◆ Exercise requirements: Transcribe nothing but the lines from the one with "this 2048×1536 image." to the end of the entries, both included, keeping each exact and leaving every picture out.
-- Material for this exercise follows --
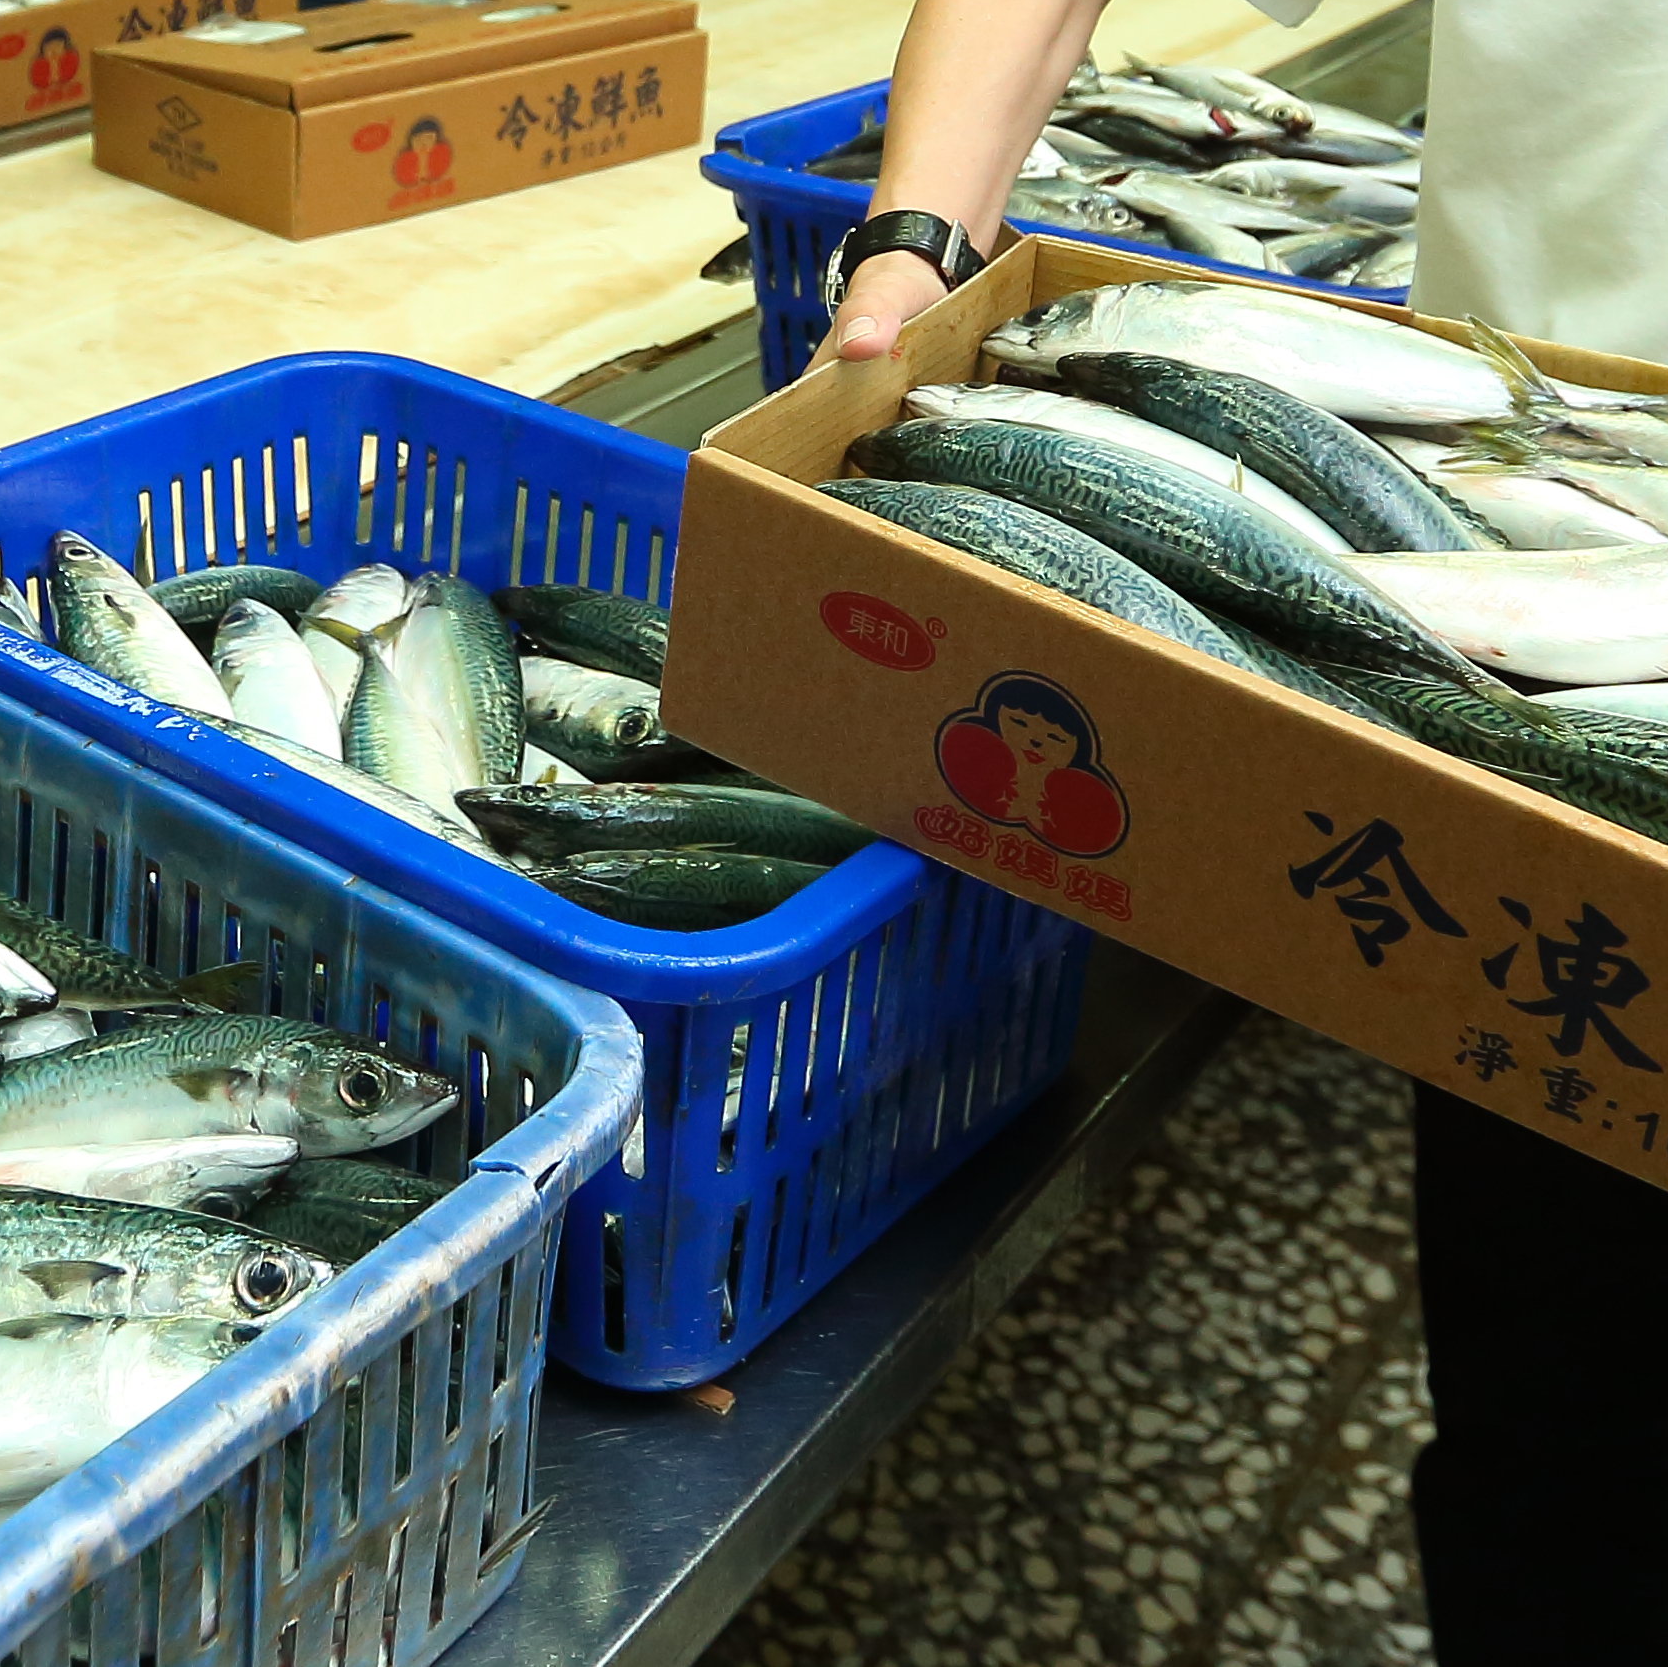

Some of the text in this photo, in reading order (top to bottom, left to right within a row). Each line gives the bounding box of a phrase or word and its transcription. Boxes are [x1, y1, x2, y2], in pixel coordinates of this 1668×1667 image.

[496, 66, 664, 151] 冷凍鮮魚
[845, 607, 909, 657] 東和
[913, 803, 1132, 923] 好媽媽
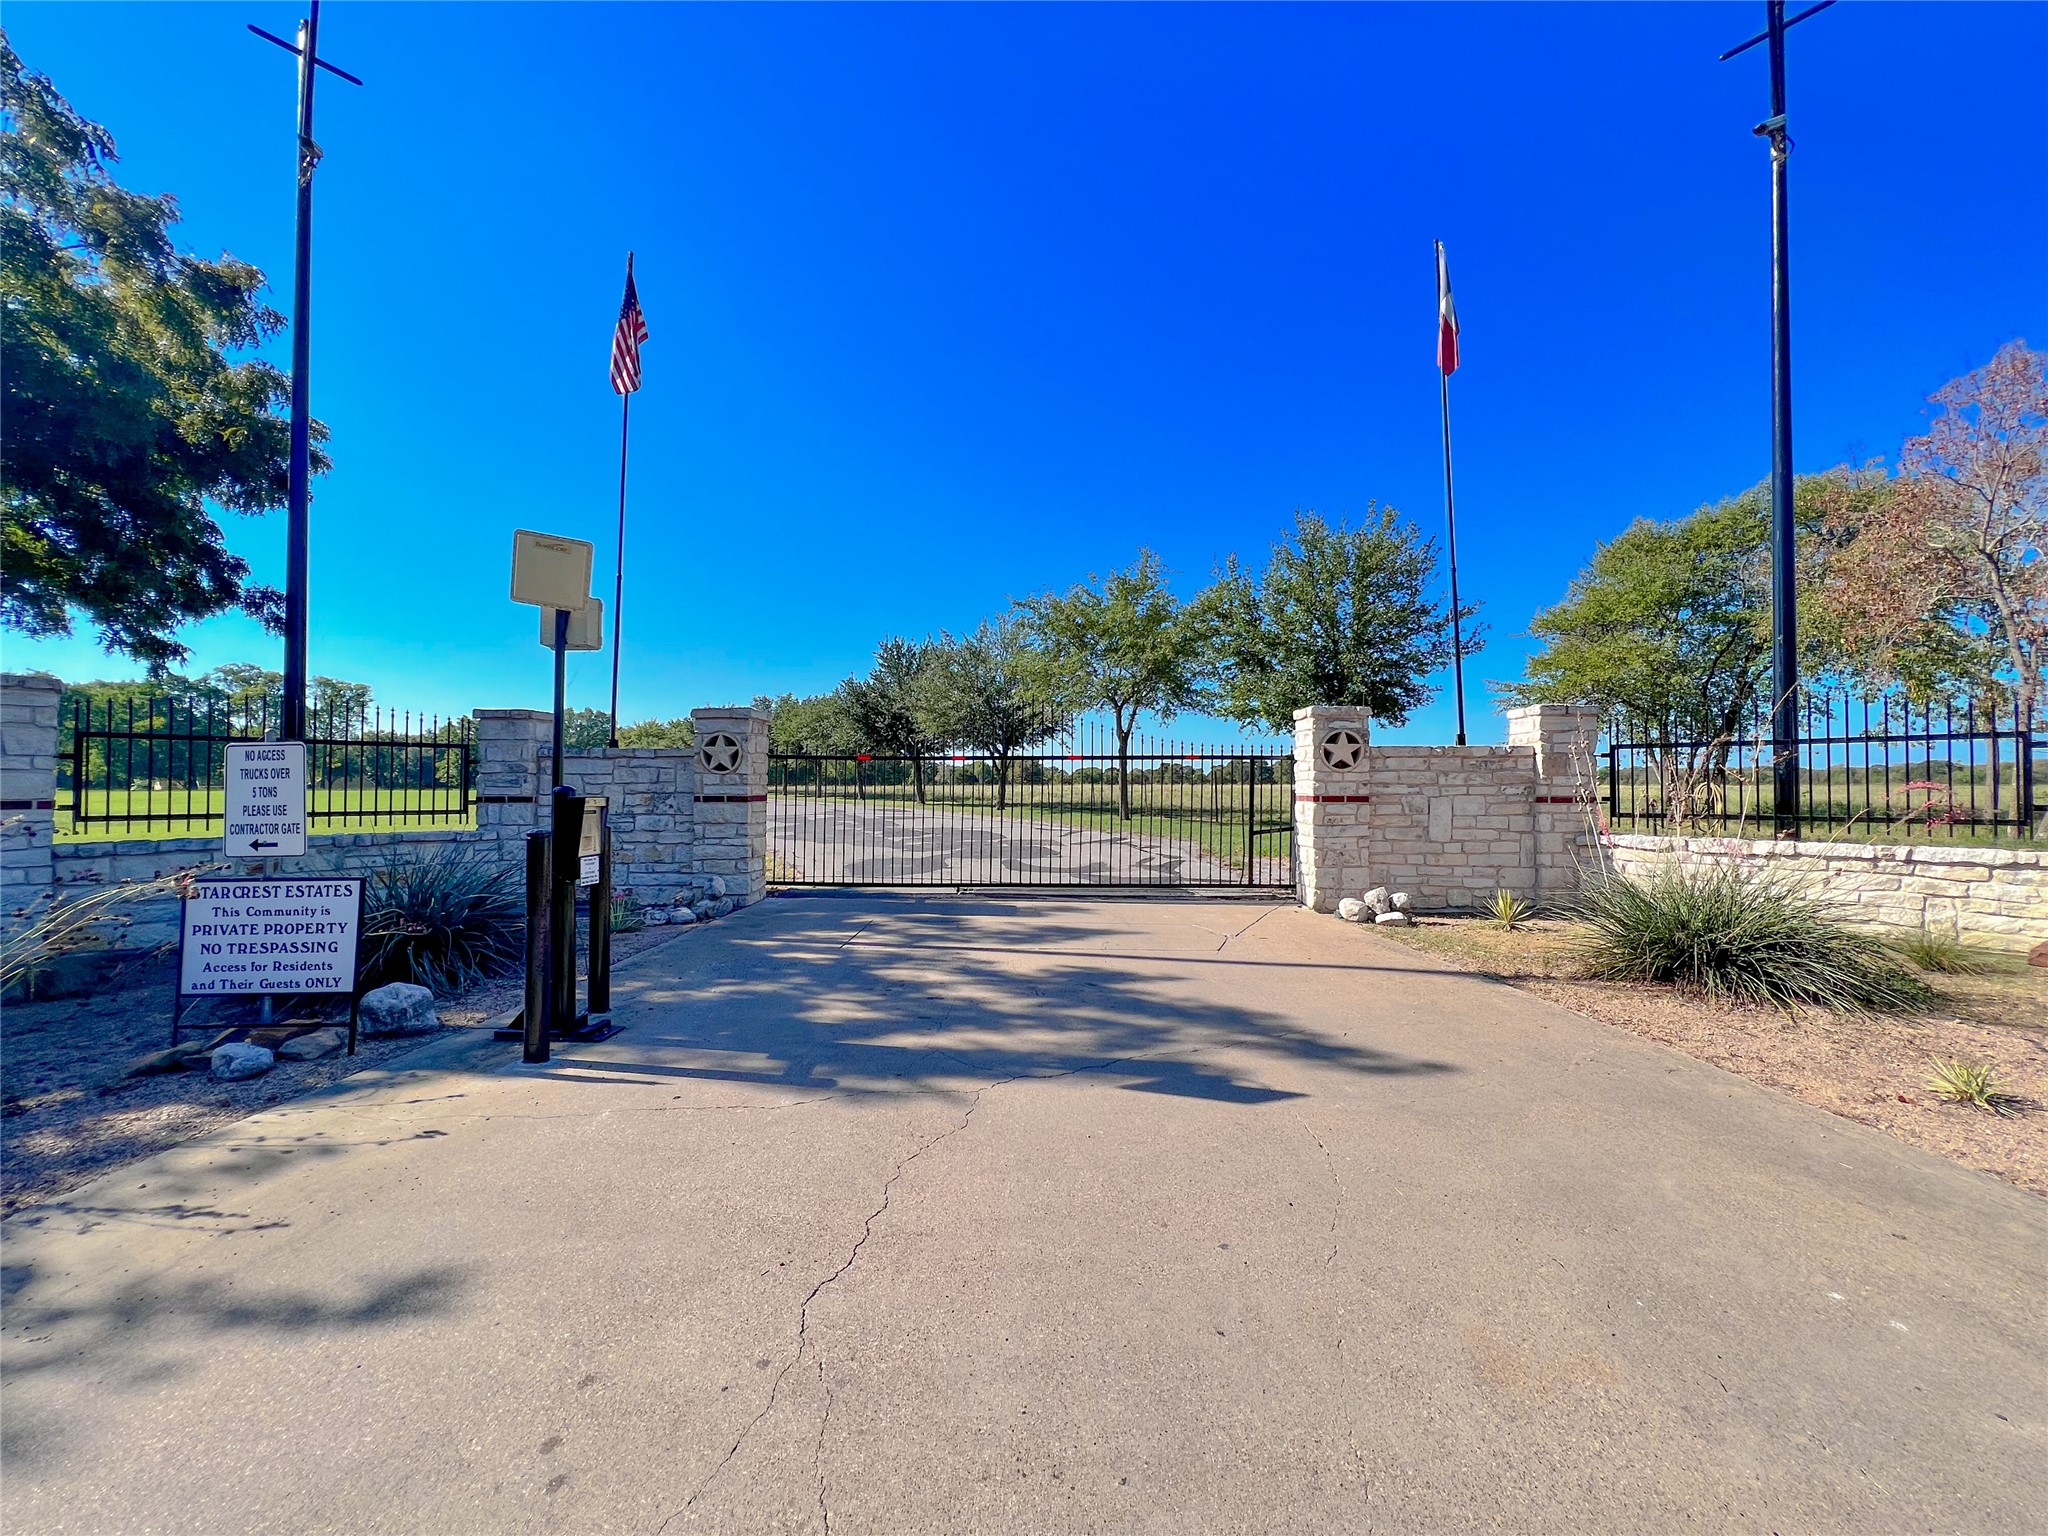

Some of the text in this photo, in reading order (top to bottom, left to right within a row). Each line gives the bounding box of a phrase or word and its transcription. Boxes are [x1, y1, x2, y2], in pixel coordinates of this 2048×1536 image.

[245, 750, 286, 761] NO ACCESS
[240, 768, 290, 780] TRUCKS OVER
[252, 786, 278, 798] 5 TONS
[242, 805, 288, 816] PLEASE USE
[230, 823, 300, 835] CONTRACTOR GATE
[197, 884, 353, 899] TARCREST ESTATES
[212, 906, 331, 918] This Community is
[192, 922, 348, 936] PRIVATE PROPERTY
[200, 941, 338, 955] NO TRESPASSING
[202, 960, 333, 973] Access for Residents
[191, 977, 342, 990] and Their Guests ONLY
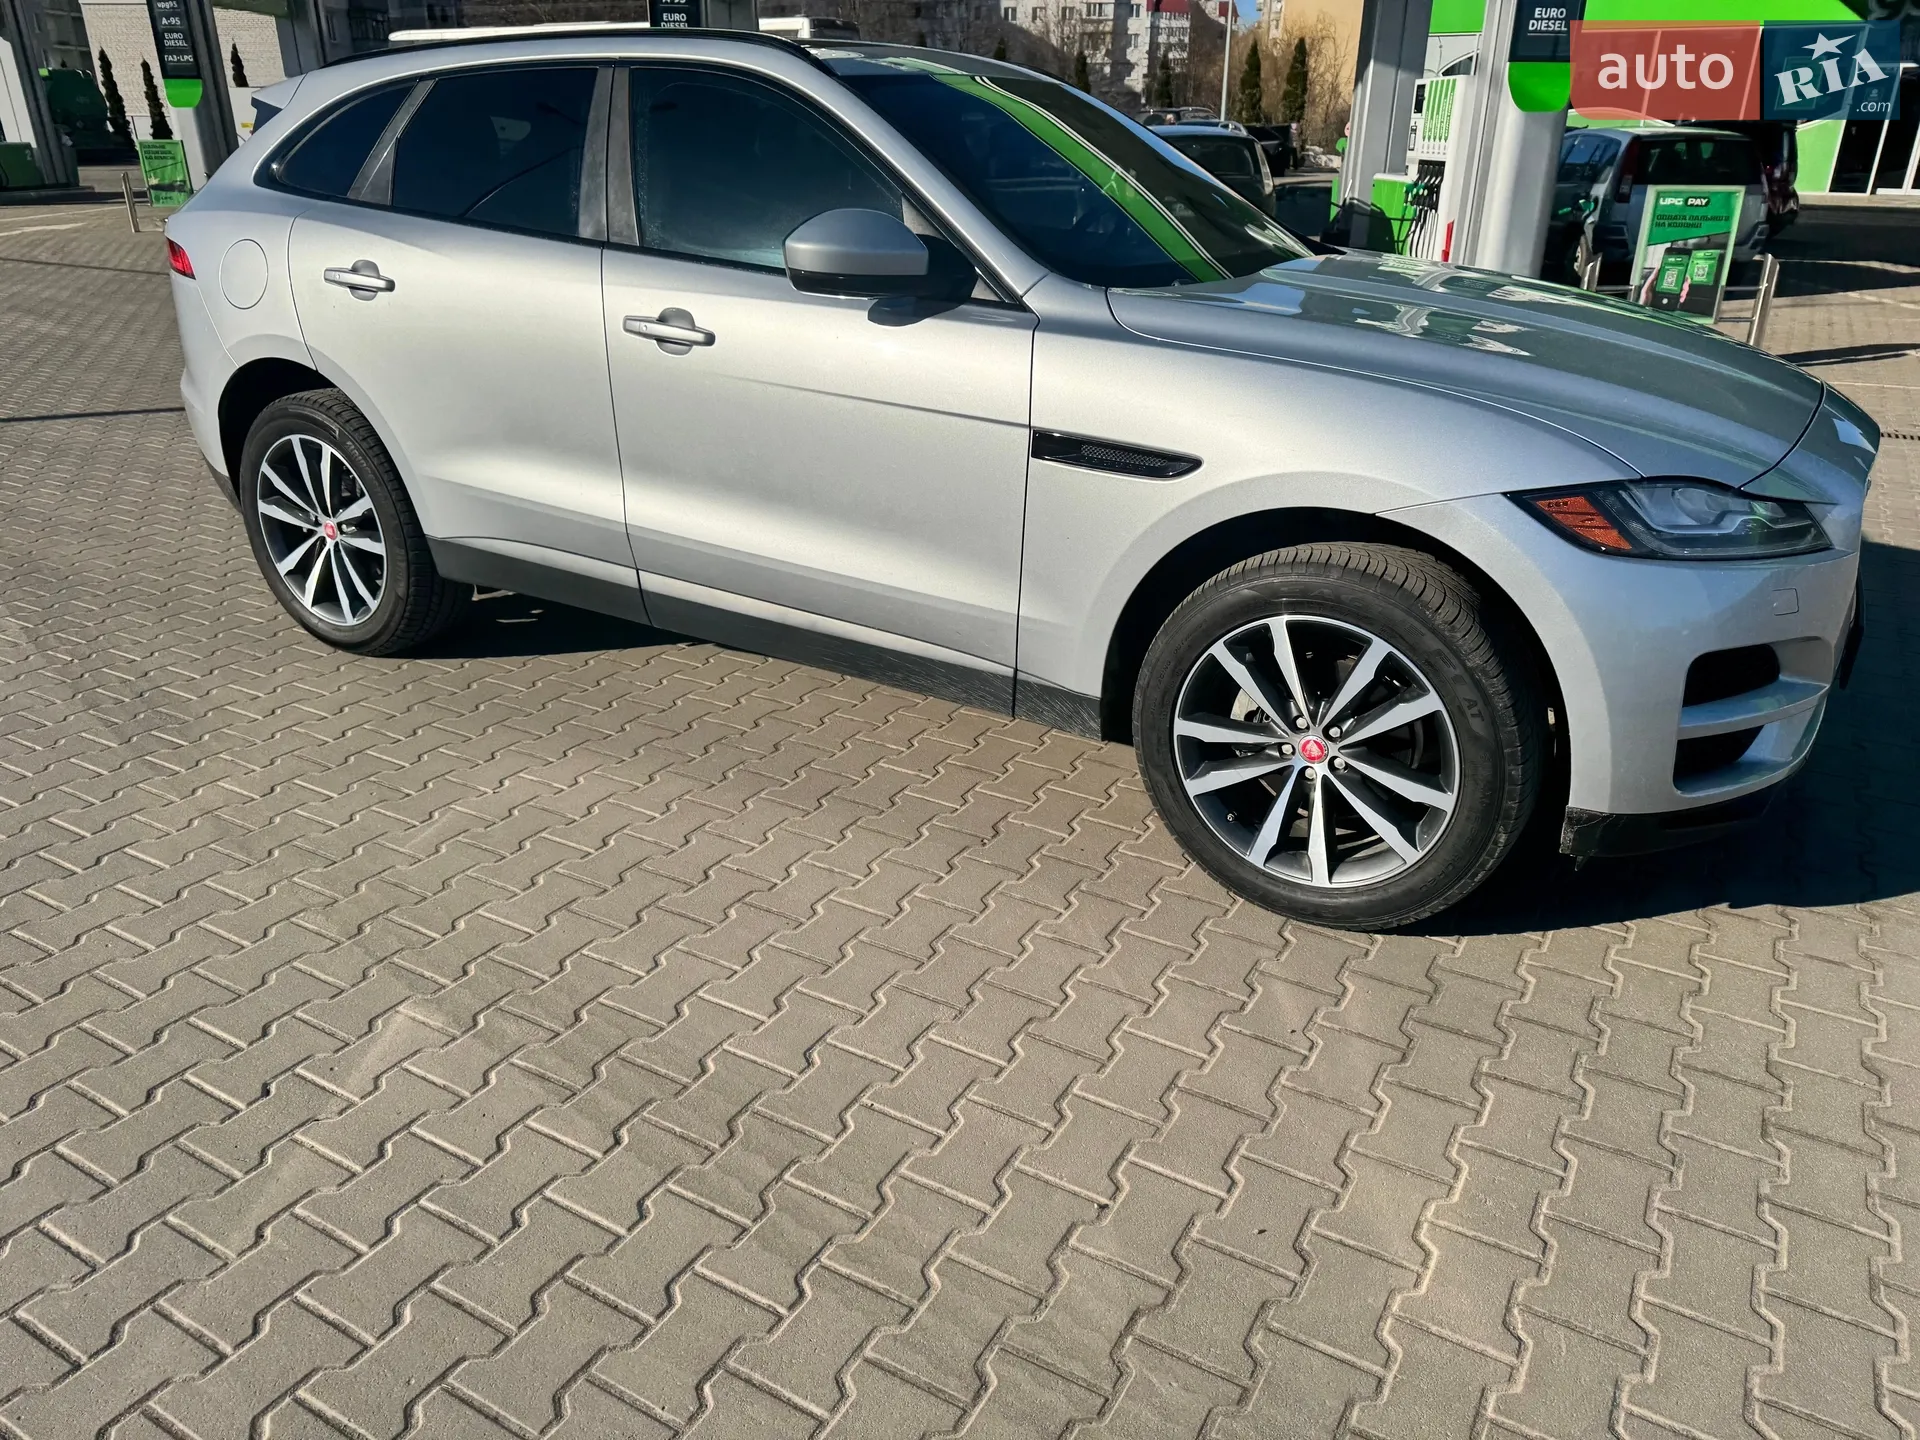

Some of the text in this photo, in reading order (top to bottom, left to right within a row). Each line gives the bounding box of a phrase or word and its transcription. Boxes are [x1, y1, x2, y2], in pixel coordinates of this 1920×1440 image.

[662, 12, 687, 21] EURO
[1534, 7, 1567, 19] EURO
[1528, 19, 1568, 31] DIESEL
[164, 39, 188, 47] DIESEL
[1660, 197, 1708, 206] UPG PAY
-- Material for this exercise concluded --
◆ Output:
Some of the text in this photo, in reading order (top to bottom, left to right within a row). Each line gives the bounding box of a phrase or word and its transcription. Boxes are [x1, y1, x2, y2], in pixel coordinates of this 2048×1536 image.

[245, 750, 286, 761] NO ACCESS
[240, 768, 290, 780] TRUCKS OVER
[252, 786, 278, 798] 5 TONS
[242, 805, 288, 816] PLEASE USE
[230, 823, 300, 835] CONTRACTOR GATE
[197, 884, 353, 899] TARCREST ESTATES
[212, 906, 331, 918] This Community is
[192, 922, 348, 936] PRIVATE PROPERTY
[200, 941, 338, 955] NO TRESPASSING
[202, 960, 333, 973] Access for Residents
[191, 977, 342, 990] and Their Guests ONLY

Some of the text in this photo, in reading order (top to bottom, left to right within a row). Each line gives the bounding box of a phrase or word and its transcription. Boxes are [x1, y1, x2, y2], in pixel coordinates of this 1920×1440 image.

[662, 12, 687, 21] EURO
[1534, 7, 1567, 19] EURO
[1528, 19, 1568, 31] DIESEL
[164, 39, 188, 47] DIESEL
[1660, 197, 1708, 206] UPG PAY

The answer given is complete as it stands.